● **Assigned task**:
The reply should hold every record, copied exactly, and none of the pictures.

===== Record excerpts

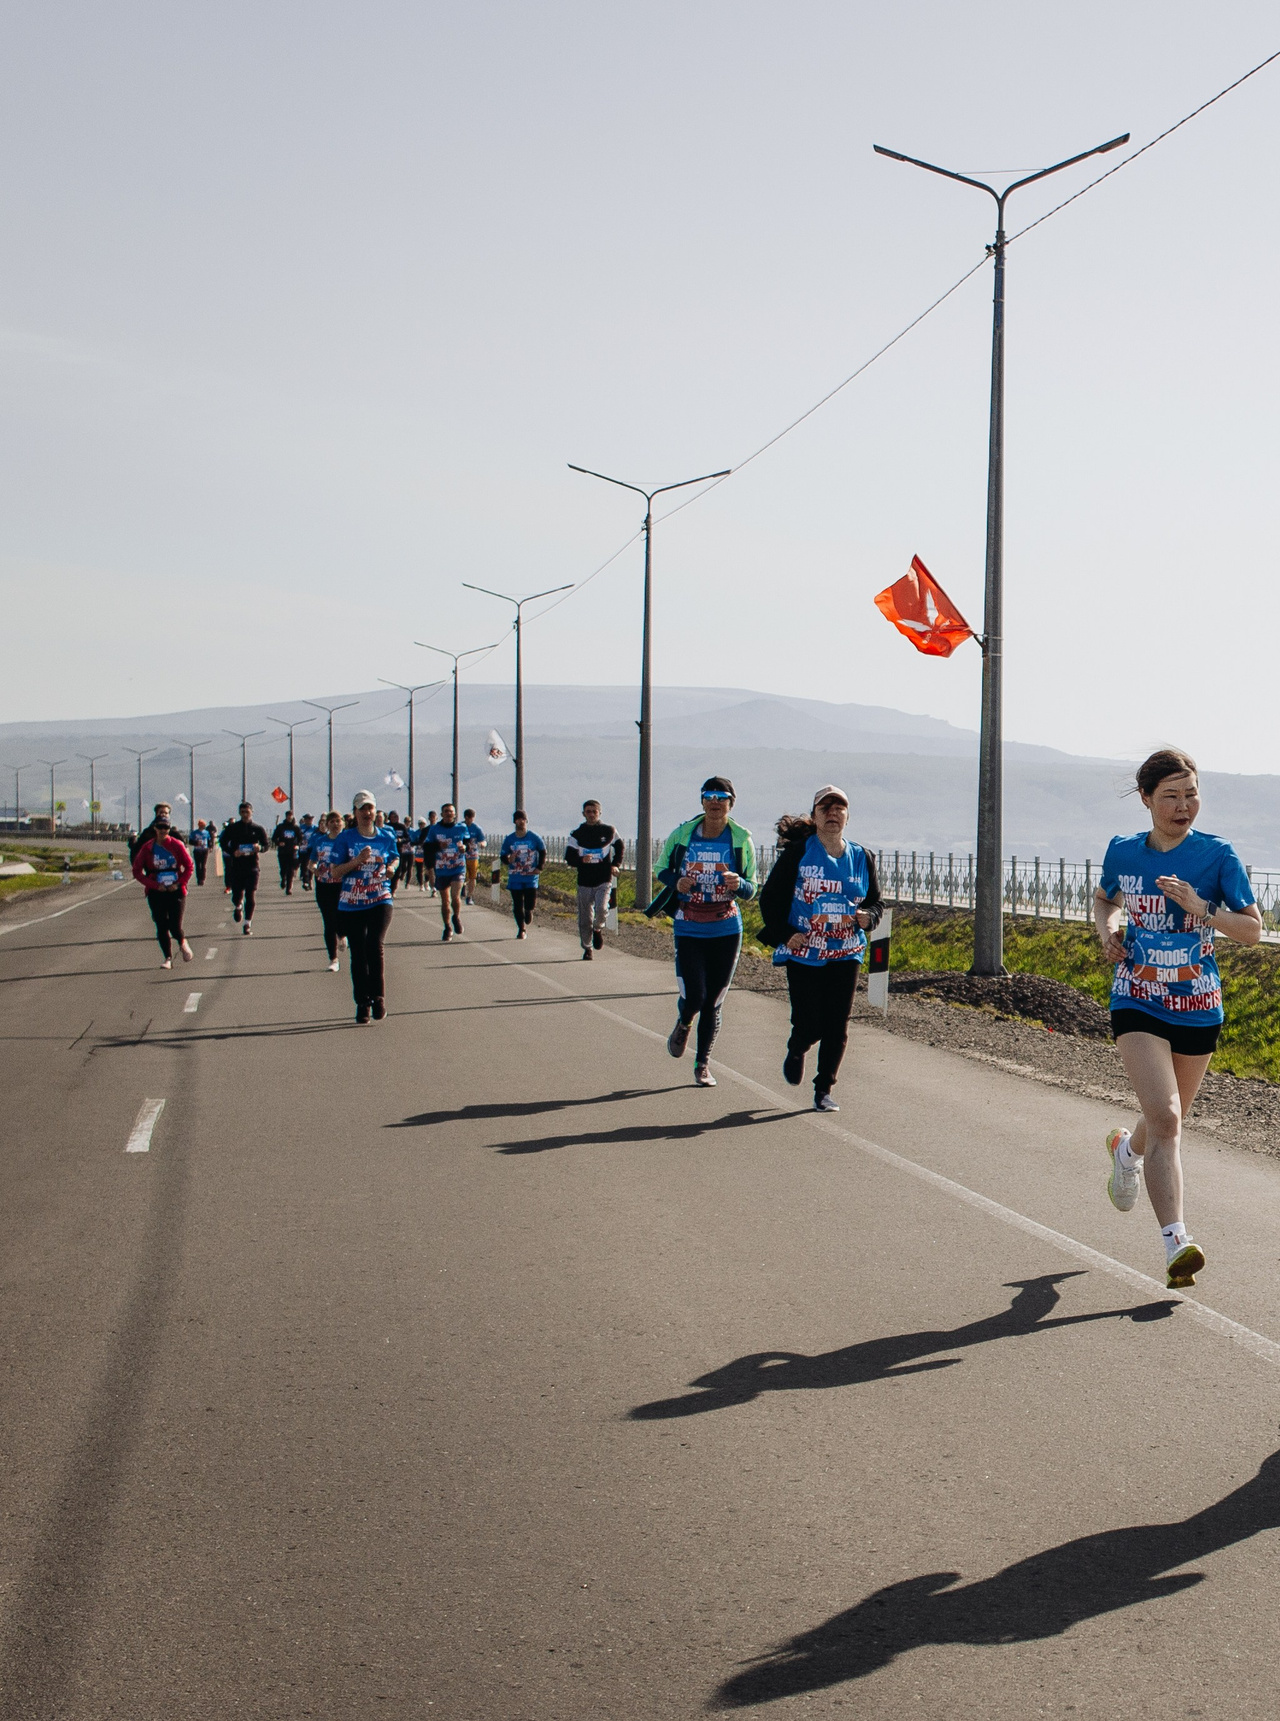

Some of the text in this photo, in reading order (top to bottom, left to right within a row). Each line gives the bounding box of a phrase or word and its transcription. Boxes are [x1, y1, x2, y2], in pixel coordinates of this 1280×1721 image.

[1118, 875, 1144, 894] 2024
[822, 903, 847, 913] 20031
[1147, 948, 1188, 967] 20005
[1191, 972, 1217, 995] 2024
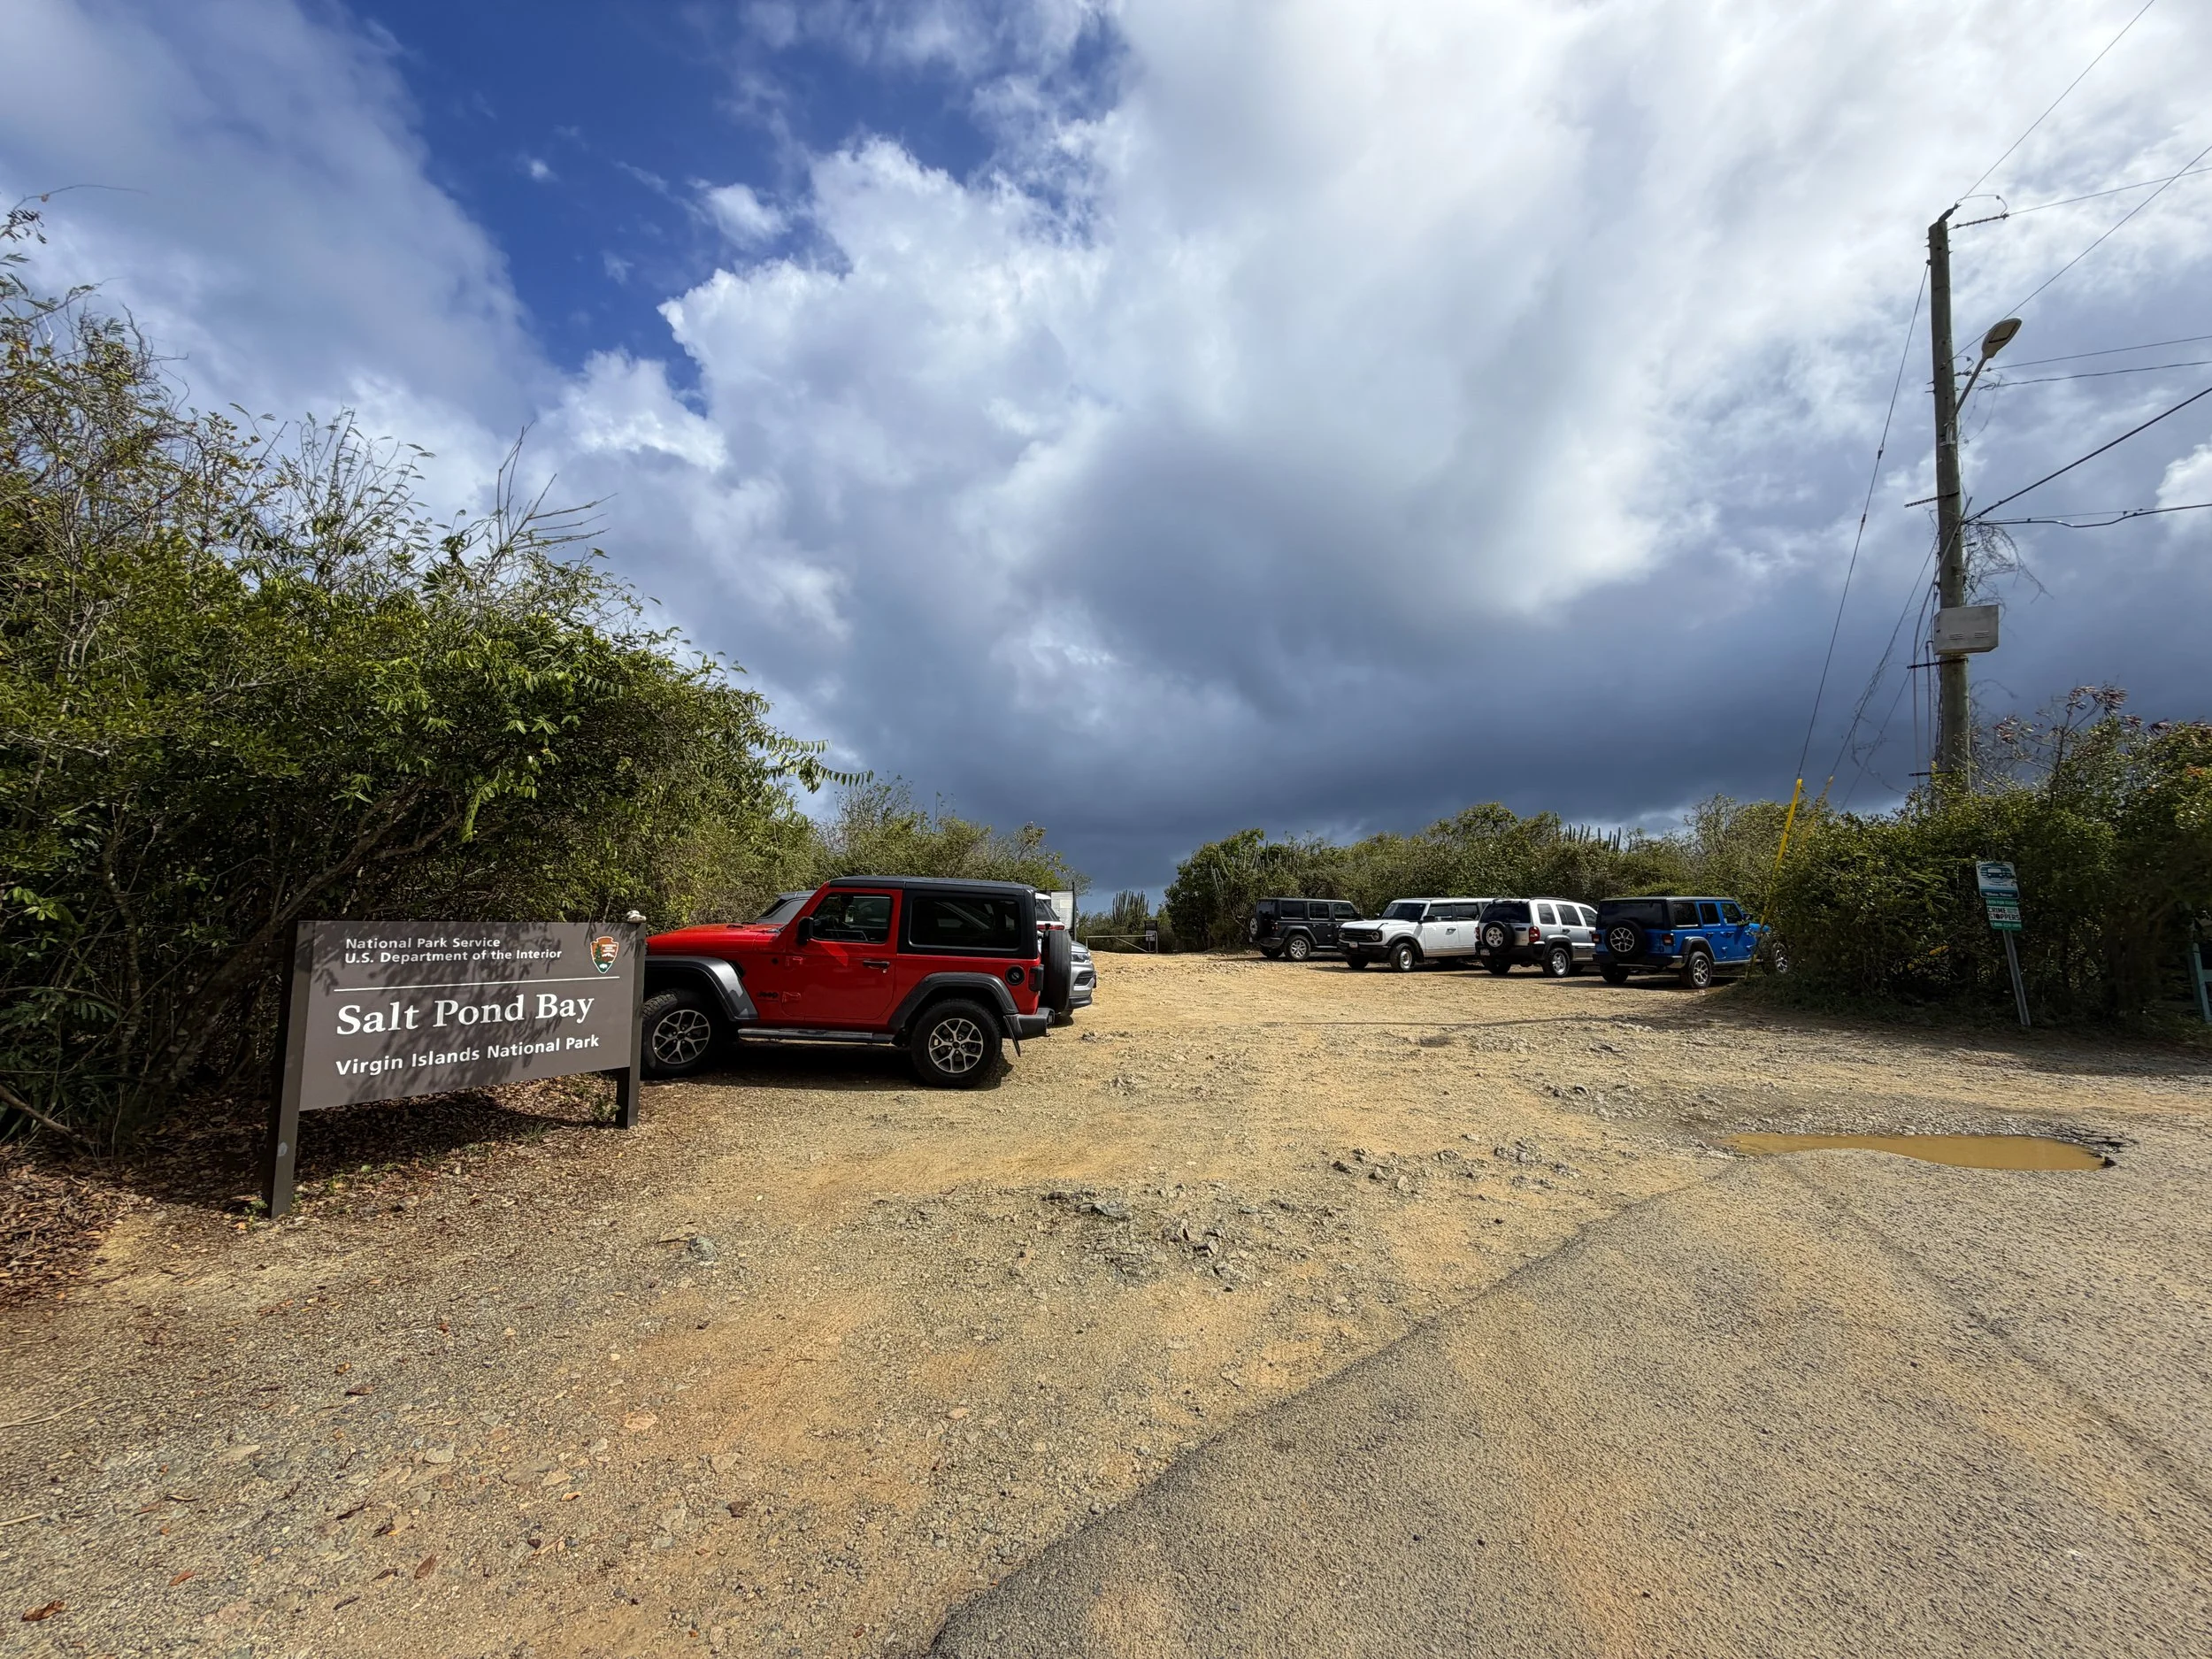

==========

● **Task solution**:
Some of the text in this photo, in reading order (top to bottom, left to right within a row). Each line gives the bounding box of a phrase or word and its transcription. Boxes are [x1, y1, x2, y2], in pixel coordinates of this 1280×1721 image.

[1118, 875, 1144, 894] 2024
[822, 903, 847, 913] 20031
[1147, 948, 1188, 967] 20005
[1191, 972, 1217, 995] 2024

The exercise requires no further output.